The non-comparability of uniformly applying GAAP is manifested twice, first in the significant impact for each company, and second in varied degrees of distortion across companies.
This analysis clearly suggests that GAAP suppresses useful information about risk by smothering facts about the real costs and volatility of benefit plans. This situation should be intolerable to absolutely everyone. That includes management because the capital markets' uncertainty about the real effects surely causes them to impose higher capital costs and bid stock prices lower.
Our efforts also reminded us that current footnotes are frustratingly difficult to decipher, primarily because managers prefer obfuscation over illumination.

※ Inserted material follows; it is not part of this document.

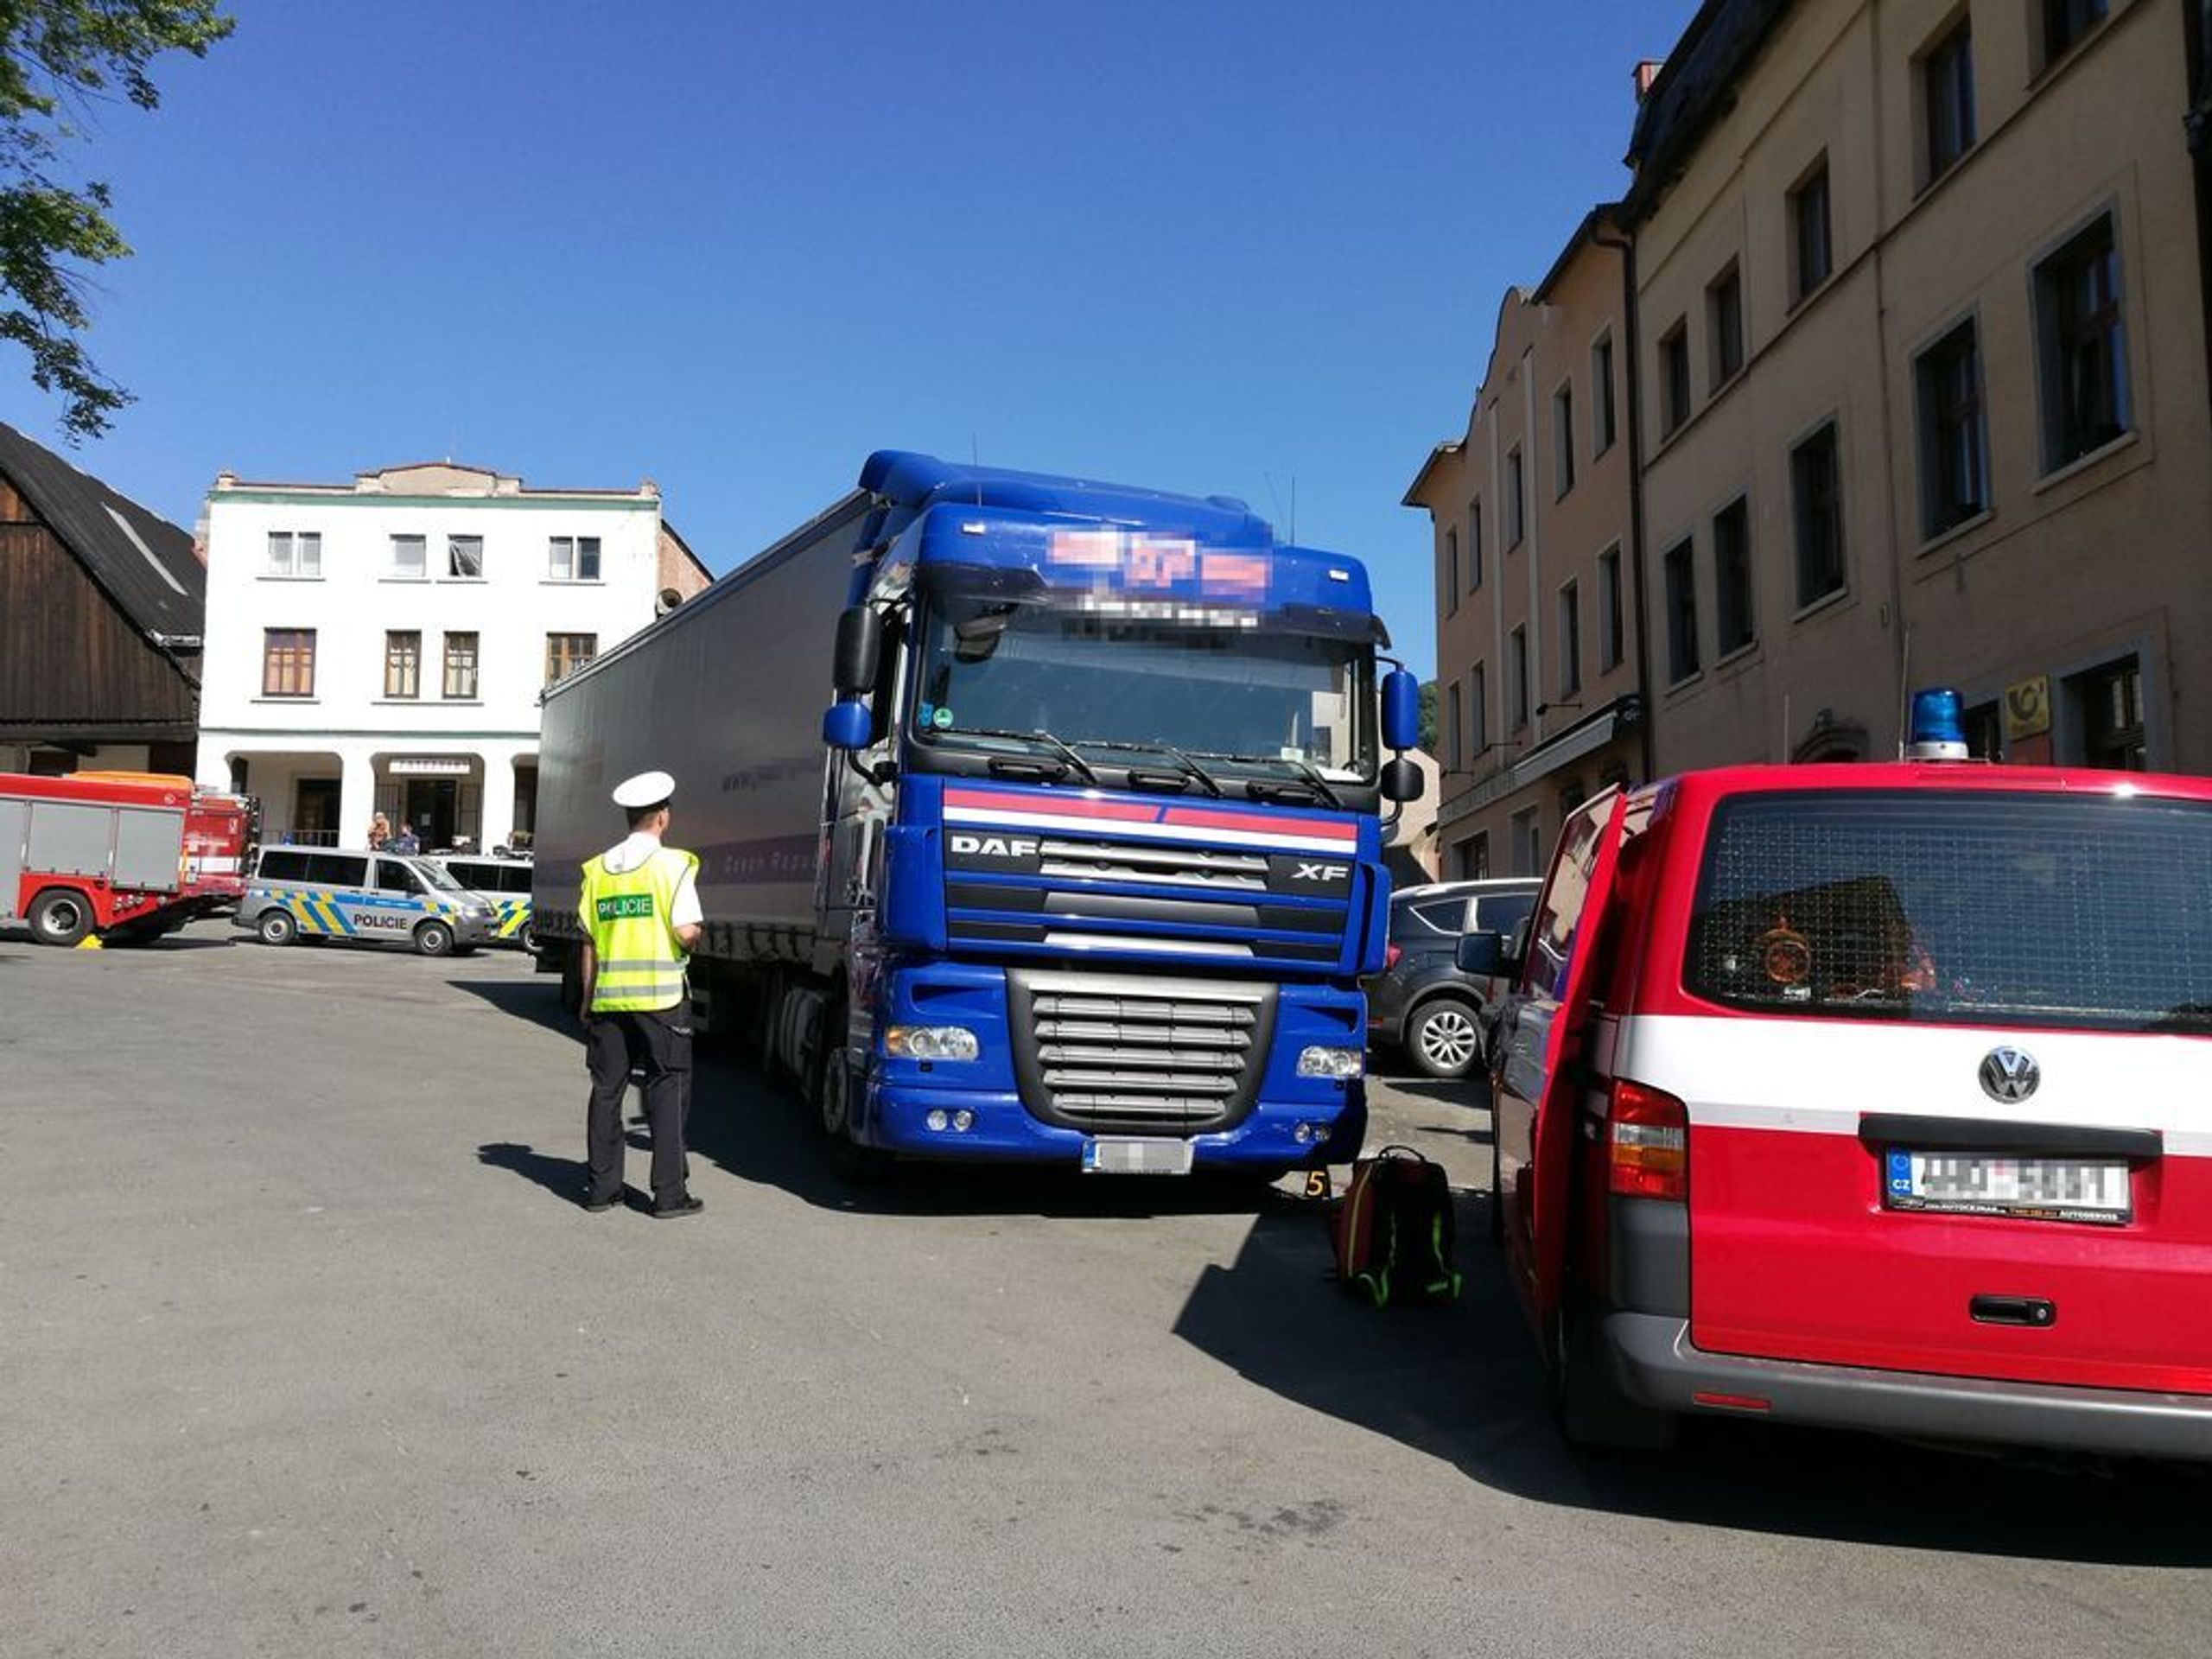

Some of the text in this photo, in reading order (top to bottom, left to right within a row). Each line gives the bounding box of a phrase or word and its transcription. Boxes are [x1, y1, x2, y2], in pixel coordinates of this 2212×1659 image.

As everywhere else, reporting plain and simple truths will always produce more useful information. GAAP for pension and other benefits falls atrociously short of plain truth and comes nowhere close to simple.

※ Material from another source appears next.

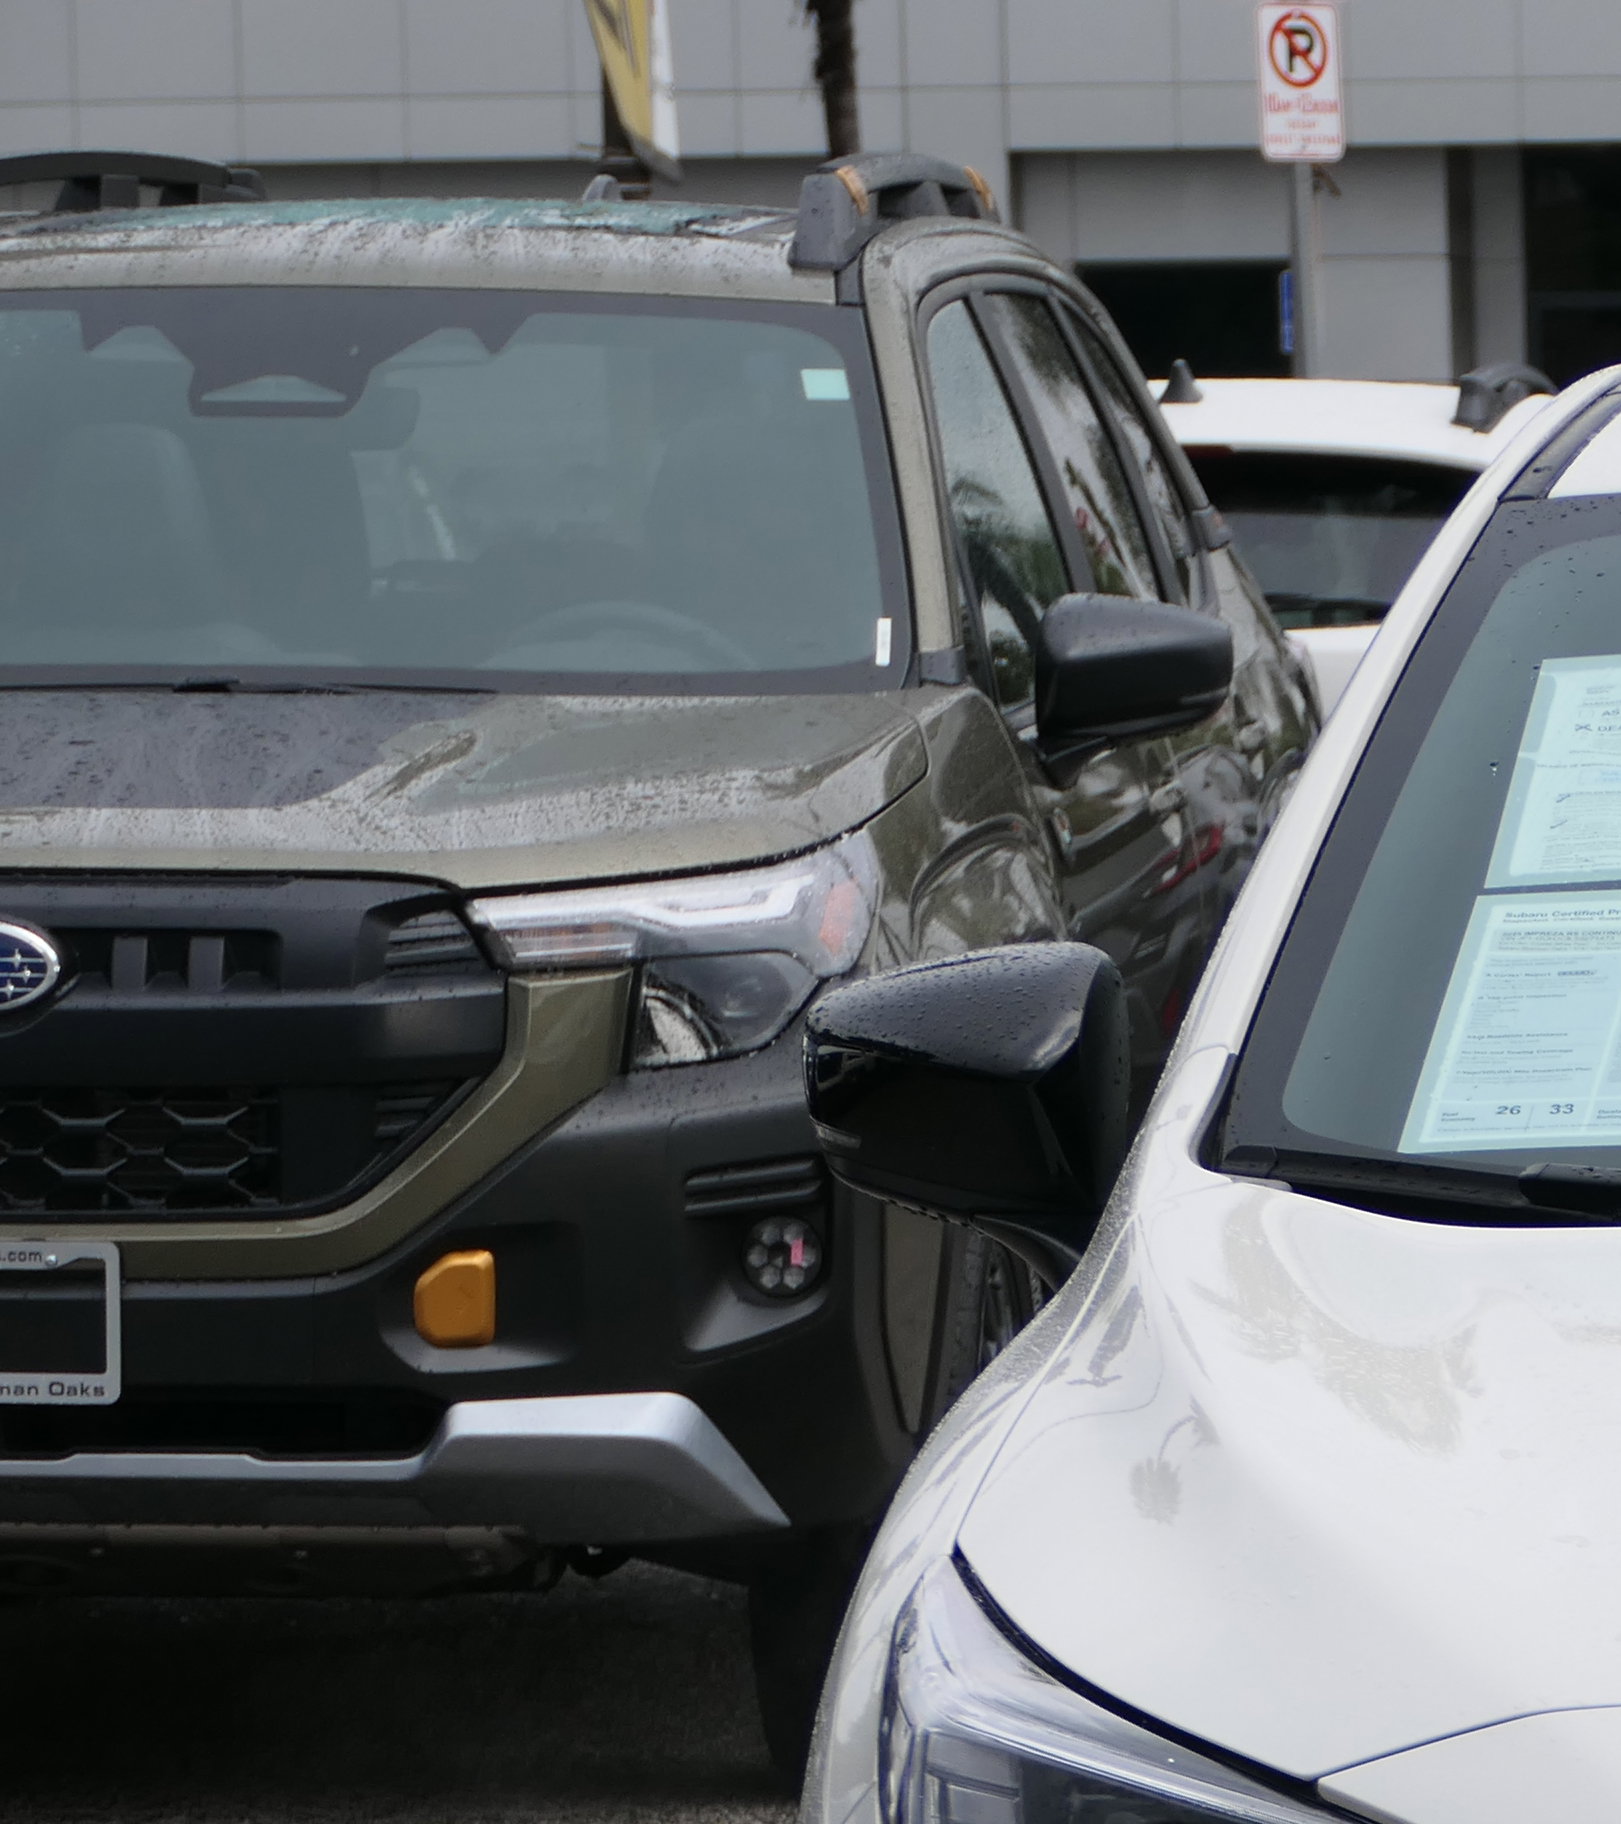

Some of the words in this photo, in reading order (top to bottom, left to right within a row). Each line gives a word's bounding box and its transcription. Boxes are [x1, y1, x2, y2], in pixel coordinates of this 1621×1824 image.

What, then, should FASB do? Here's our prescription:
1. Report service cost as the only current labor cost, interest as a financing cost, and fund returns as investing income;
2. Put the full benefit liability among the debts on the balance sheet and continuously mark it to market;
3. Put fund investments with the assets on the balance sheet and continuously mark them to market;
4. Report all gains and losses on the income statement without deferring, offsetting, aggregating, smoothing or surreptitiously slipping them directly into equity; and,
5. Mandate clear footnotes.
The result will be the truth, the whole truth, and nothing but the truth.
It can't get any simpler, or better, than that.
Paul B. W. Miller is a professor at the University of Colorado at Colorado Springs and Paul R. Bahnson is a professor at Boise State University. The authors' views are not necessarily those of their institutions. Reach them at email@example.com.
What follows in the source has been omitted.